Rétablissement de l'offre : pas si facile

L'effet de ciseau est redoutable : alors que le rétablissement du service nominal sur les réseaux de transports en commun après la pandémie de 2020-2022 est justifiée par le retour des voyageurs, parfois même en rattrapant le rythme ayant précédé le confinement de mars 2020 ; alors que le renchérissement du prix du carburant, même masqué par un subventionnement massif et onéreux de l'Etat, incite à réfléchir à l'usage de la voiture ; alors que l'été qui vient de s'achever a donné un avant-goût supplémentaire des années à venir sur le plan climatique ; alors que la guerre en Ukraine provoque une flambée - elle aussi atténuée par l'Etat du moins pour un temps - des prix de l'énergie ; les réseaux font face à une accumulation inédite de difficultés. On serait tenté de dire qu'ils n'ont jamais connu pareille situation depuis la fin de la deuxième guerre mondiale.

En cause : un manque de personnel sur des métiers stratégiques pour ce service public, celui de conducteur. On pourrait parler de nombreux autres métiers dans ce secteur, mais celui-ci focalise toutes les attentions. Le déficit se compte en milliers, probablement plus de 10 000, car on n'arrive pas encore à clarifier réellement l'ampleur de la situation, très fluctuante, compte tenu de la persistance des mesures sanitaire en cas de test positif. Cependant, sur le plan structurel, le secteur des transports en commun a du mal à renouveler ses effectifs et à recruter pour couvrir les besoins de développement. Il y a pour partie l'effet de l'interruption des campagnes de recrutement et de formation pendant les confinements de 2020 et 2021. Il y a aussi une perte d'attractivité de ces métiers. Souvent critiqués pour leurs conditions particulières voire les privilèges des régimes spéciaux de la RATP et de la SNCF, on peut même constater que certains organes de presse plutôt libéraux en viennent à souligner les problèmes salariaux de ces métiers qu'ils considèrent insuffisamment payés (les vestes doivent avoir de bonnes coutures...). Il faut aussi peut-être y voir un effet générationnel face à des professions qui nécessitent souvent des choix de vie décalés, illustration d'un monde d'avant. Mais le télétravail pour un conducteur d'autobus n'est probablement pas encore pour demain.

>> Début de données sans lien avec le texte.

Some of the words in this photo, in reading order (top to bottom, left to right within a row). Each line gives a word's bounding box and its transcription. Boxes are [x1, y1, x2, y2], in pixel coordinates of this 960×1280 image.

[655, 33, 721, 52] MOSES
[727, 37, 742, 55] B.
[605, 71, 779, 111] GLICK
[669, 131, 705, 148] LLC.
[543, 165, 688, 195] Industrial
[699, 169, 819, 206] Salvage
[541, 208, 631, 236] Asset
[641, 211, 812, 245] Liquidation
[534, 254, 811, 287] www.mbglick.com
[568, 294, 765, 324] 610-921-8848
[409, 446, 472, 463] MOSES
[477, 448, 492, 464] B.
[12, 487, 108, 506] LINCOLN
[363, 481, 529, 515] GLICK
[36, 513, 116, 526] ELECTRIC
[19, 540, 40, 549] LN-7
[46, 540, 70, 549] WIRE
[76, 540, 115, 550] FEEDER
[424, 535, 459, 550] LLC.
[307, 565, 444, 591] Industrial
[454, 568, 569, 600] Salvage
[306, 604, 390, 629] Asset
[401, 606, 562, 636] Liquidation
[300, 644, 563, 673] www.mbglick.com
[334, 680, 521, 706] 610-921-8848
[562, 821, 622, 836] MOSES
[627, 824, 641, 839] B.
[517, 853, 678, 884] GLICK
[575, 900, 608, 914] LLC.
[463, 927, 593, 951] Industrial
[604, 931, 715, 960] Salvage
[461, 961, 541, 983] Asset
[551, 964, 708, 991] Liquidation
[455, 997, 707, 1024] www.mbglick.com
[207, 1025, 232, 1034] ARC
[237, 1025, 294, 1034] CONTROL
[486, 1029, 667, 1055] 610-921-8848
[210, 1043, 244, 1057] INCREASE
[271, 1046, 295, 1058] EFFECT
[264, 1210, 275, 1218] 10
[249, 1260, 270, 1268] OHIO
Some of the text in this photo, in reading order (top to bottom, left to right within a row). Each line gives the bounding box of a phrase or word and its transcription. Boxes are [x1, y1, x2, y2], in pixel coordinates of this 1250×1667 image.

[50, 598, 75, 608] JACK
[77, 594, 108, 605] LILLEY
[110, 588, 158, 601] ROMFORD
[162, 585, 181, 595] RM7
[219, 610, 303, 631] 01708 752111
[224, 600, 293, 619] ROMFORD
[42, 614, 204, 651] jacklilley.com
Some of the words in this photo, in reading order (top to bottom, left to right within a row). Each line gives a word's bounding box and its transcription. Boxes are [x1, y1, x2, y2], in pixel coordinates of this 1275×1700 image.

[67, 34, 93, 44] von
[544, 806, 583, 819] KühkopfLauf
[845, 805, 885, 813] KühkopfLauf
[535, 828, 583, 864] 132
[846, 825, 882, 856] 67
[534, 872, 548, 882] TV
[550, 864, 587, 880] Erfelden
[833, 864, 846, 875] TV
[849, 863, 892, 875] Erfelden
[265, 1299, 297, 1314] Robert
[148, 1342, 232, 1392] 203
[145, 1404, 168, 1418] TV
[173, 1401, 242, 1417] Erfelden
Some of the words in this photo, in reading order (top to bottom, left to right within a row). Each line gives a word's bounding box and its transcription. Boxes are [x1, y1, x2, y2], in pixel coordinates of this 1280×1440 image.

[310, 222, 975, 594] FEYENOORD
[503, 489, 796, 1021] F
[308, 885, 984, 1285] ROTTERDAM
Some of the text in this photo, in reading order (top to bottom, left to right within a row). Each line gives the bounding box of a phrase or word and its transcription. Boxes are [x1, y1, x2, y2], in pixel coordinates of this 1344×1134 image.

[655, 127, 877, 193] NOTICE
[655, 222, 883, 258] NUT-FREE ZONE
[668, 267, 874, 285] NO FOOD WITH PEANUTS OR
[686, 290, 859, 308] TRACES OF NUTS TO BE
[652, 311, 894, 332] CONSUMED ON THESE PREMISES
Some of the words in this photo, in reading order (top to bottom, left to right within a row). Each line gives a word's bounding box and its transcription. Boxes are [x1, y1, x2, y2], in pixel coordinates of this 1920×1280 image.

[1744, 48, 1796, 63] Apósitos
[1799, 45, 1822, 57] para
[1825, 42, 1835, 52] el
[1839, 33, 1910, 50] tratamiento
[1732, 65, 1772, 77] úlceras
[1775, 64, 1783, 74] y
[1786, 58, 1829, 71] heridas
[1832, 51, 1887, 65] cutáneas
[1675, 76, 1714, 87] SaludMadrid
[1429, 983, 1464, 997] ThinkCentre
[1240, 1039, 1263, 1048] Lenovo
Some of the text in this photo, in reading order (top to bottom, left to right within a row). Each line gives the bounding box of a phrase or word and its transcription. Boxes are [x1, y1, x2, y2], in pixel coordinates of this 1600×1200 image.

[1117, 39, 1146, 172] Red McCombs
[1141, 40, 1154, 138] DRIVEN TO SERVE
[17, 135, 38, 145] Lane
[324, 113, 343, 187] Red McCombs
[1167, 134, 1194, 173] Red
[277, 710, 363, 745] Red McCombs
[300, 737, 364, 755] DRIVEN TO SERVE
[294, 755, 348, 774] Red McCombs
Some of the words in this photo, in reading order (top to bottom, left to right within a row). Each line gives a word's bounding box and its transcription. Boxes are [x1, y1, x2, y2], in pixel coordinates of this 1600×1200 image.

Est-ce simplement une question d'ordre économique par rapport au niveau de rémunération ? Ce serait probablement trop simple. Il y a peut-être, pour la RATP et la SNCF, la confirmation de la fin des recrutements sous statut spécifique (ce qui était déjà le cas depuis plusieurs années à la RATP). Mais dans ce cas, comment expliquer les difficultés des opérateurs tels que Keolis, RATP Dev et Transdev ? La libéralisation du marché avec la fin du pré carré de ces deux entreprises à capitaux d'Etat n'est peut-être pas étrangère, mais il paraît difficile d'établir un lien de causalité sur les problèmes de recrutement, ne serait-ce que parce que les agents en bénéficiant sont assurés de le conserver. Encore une fois, en province, le renouvellement des délégations de service public prévoit déjà des dispositifs de continuité pour les personnels hors encadrement.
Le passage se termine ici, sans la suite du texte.